November 25, 2020

Internet Monk Radio Podcast #75

podcast_logo.gifUPDATE: Comments are closed. One commenter feels I am a hypocrite for liking Merton and criticizing Osteen. After about five rounds of this, the point has been made and there’s no reason to keep repeating it.

All Osteen. All the time.

Internet Monk Radio is on iTunes Podcasts for free. Search for Monk. I’ll appear right under monkeys.


  1. Michael,

    I listened to your podcast and realized that you seemed to have misinterpreted my comment on your Osteen thread. On the podcast you categorized the comments as being “Oh, stop being so mean, so judgemental – Joel is a nice guy.”

    That was not the essence of my comment at all. Perhaps you weren’t addressing my comment, but I doubt that as it was my comment that led to you shutting down comments.

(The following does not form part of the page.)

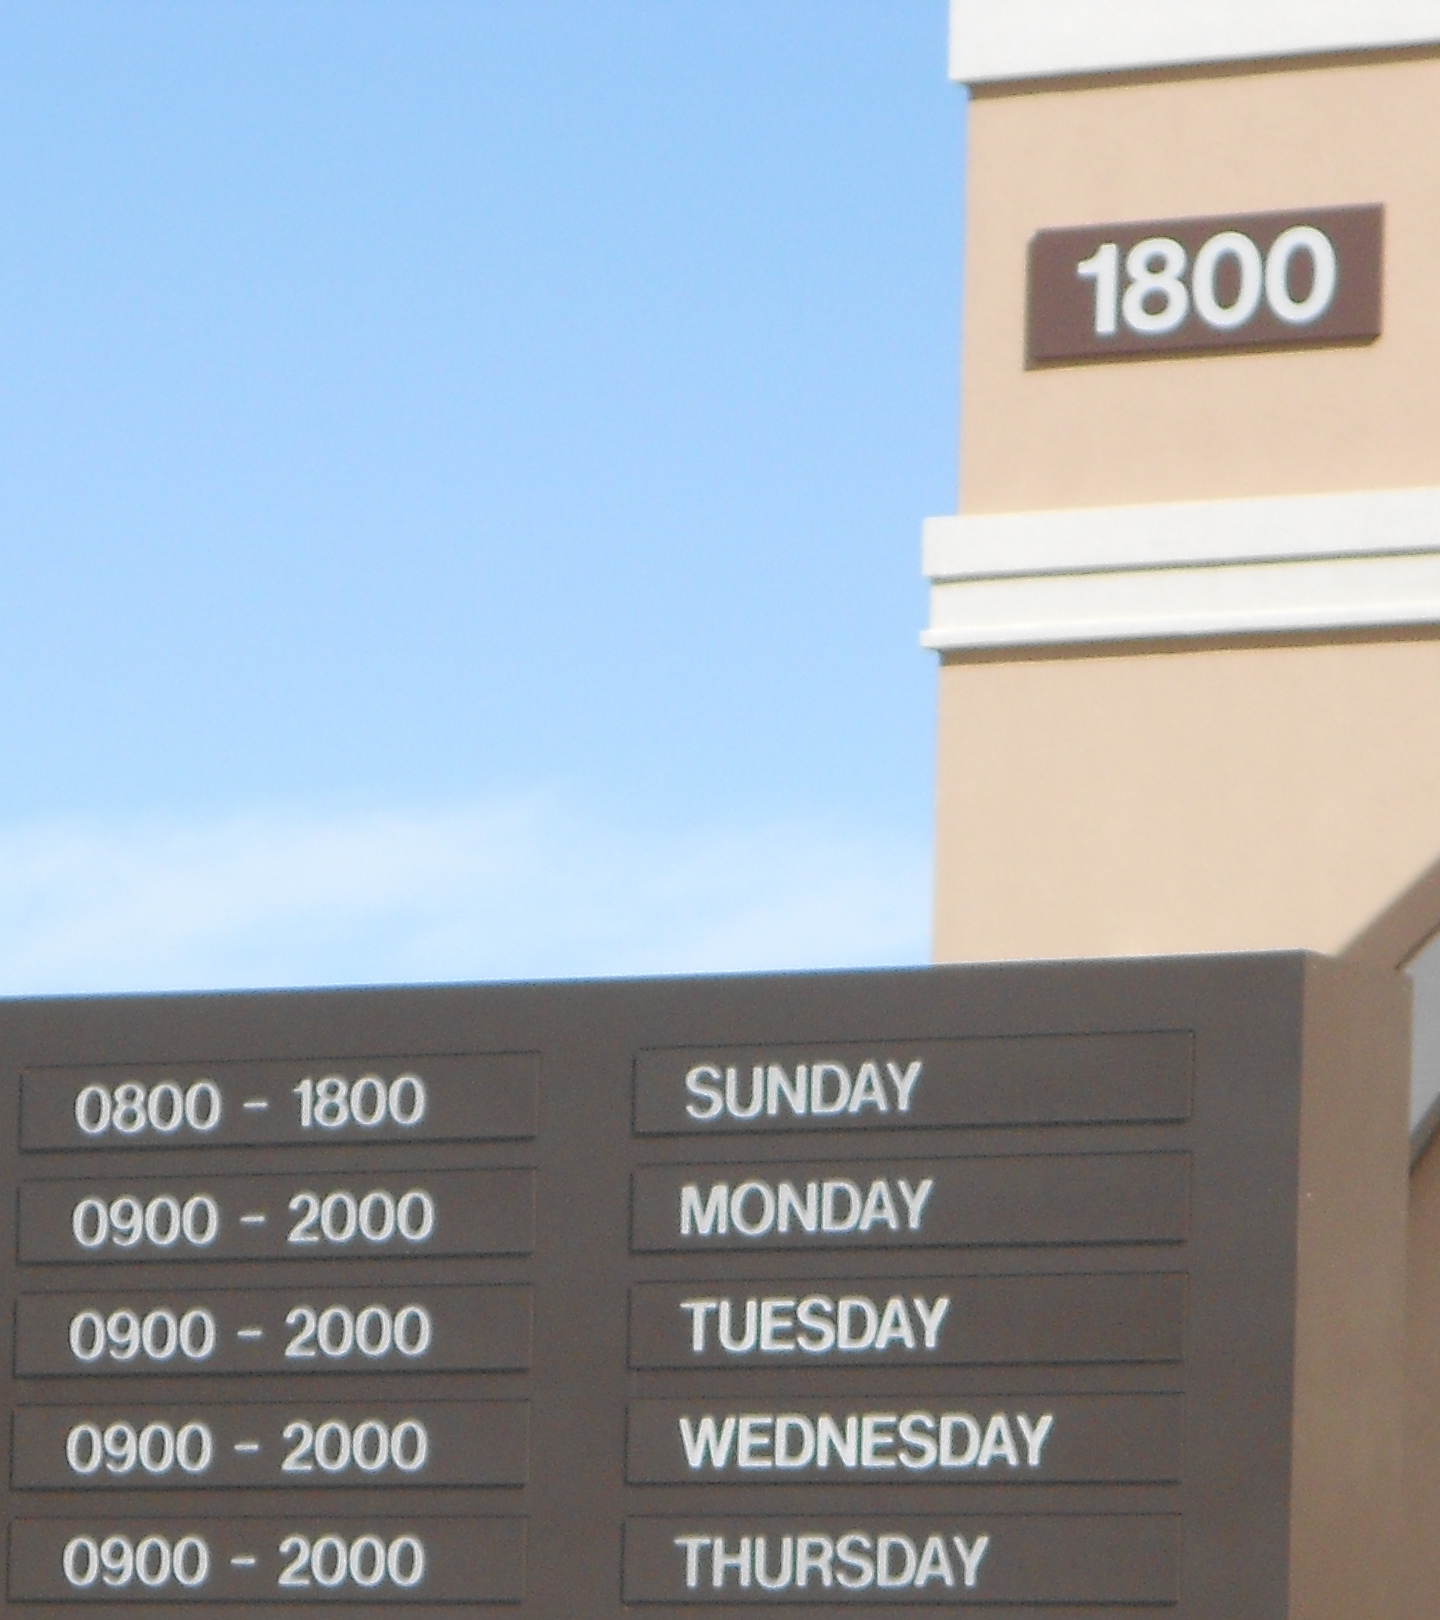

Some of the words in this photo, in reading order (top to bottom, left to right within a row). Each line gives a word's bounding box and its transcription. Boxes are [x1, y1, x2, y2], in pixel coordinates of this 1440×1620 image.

    My point was neither to defend Joel, nor express melodrama over meanie commentary. 🙂

    My point was that I have problems with the approach. What would be helpful is a post that lists the “essential doctrines” according to you that a christian should preach correctly, and then provide documentation where Mr. Osteen teaches contrary. Then you will have responsibly and humbly shown us that he is a “heretic” whom every evangelical leader should repudiate.

    Instead there is all this ‘orthodox’ glee in roasting him that is not helpful, but sure garners attention to your blog.

    You don’t know Osteen personally, have not visited his church, met his ministers, elders, teachers, spoken with him about these things, yet when you could’ve stuck with the facts that are known at a distance, we get this…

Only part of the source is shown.